___ Supplied records ___

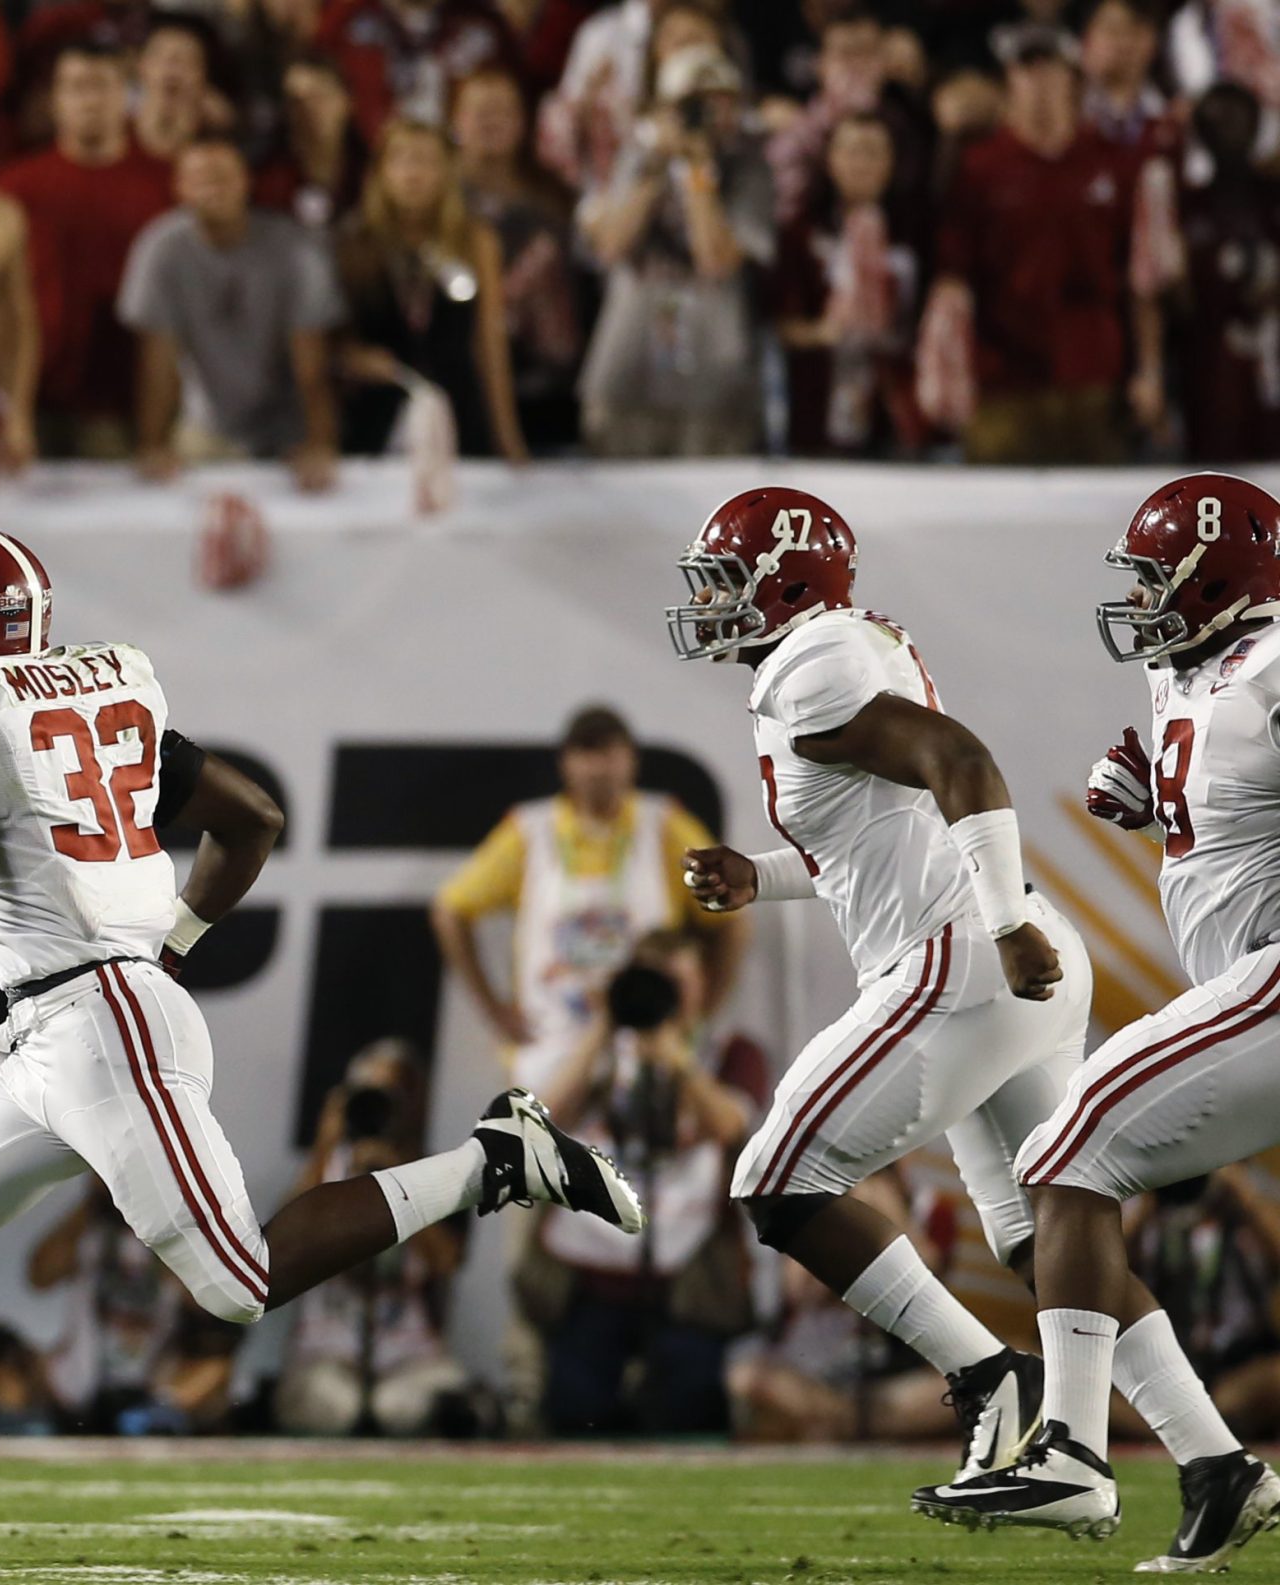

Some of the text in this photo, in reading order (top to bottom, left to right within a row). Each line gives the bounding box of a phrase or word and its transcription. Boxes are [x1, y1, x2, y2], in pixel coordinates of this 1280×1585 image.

[771, 508, 812, 551] 47
[1197, 496, 1221, 542] 8
[0, 649, 128, 701] MOSLEY
[30, 699, 164, 862] 32
[1155, 718, 1196, 858] 8
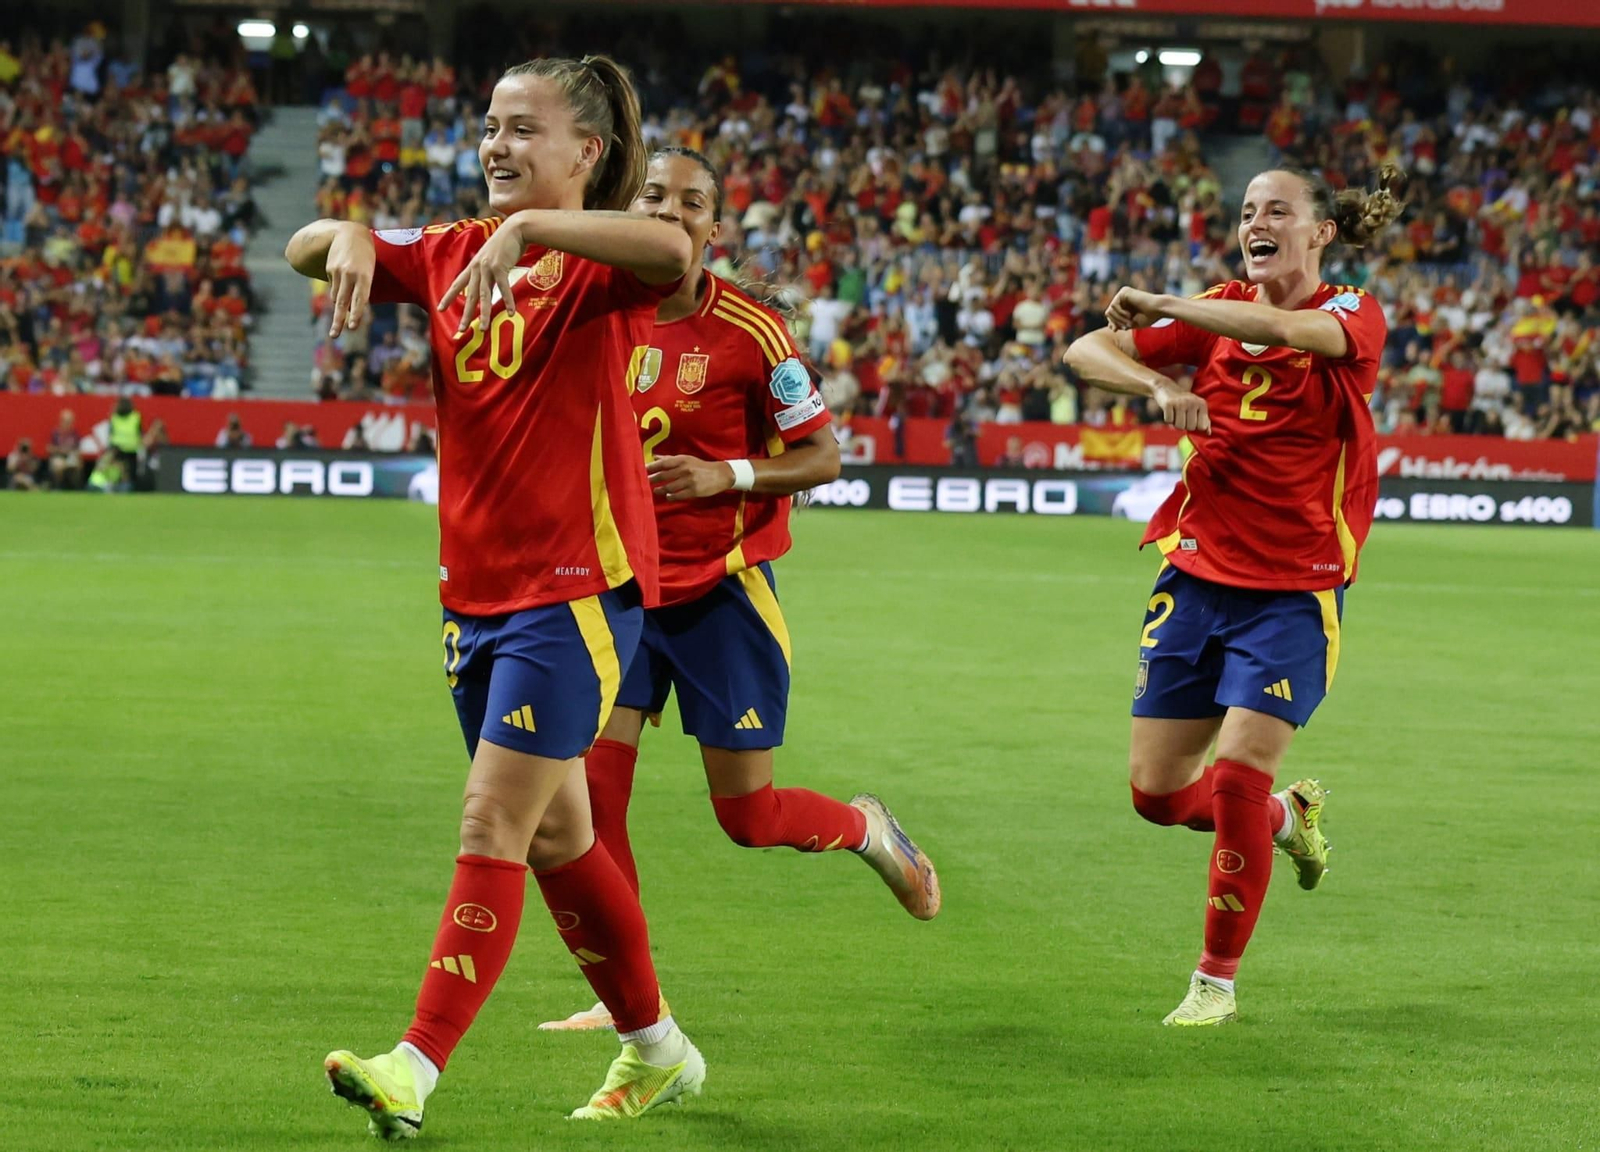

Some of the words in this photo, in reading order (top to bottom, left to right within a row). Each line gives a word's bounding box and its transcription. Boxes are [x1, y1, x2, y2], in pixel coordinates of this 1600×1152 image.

___

● **Exercise objective**
All of the lines above should be printed exactly, minus the pictures.

● **Response box**
Some of the text in this photo, in reading order (top to bottom, left to right within a row). Each line gives the bounding box of a phrase or word and its transcription. Boxes are [x1, y1, x2, y2], in pixel coordinates of this 1280×1585 image.

[771, 508, 812, 551] 47
[1197, 496, 1221, 542] 8
[0, 649, 128, 701] MOSLEY
[30, 699, 164, 862] 32
[1155, 718, 1196, 858] 8

Some of the words in this photo, in reading order (top to bottom, left to right within a row). Each line gives a word's bounding box and its transcription. Boxes are [x1, y1, x2, y2], in pixel coordinates of this 1600×1152 image.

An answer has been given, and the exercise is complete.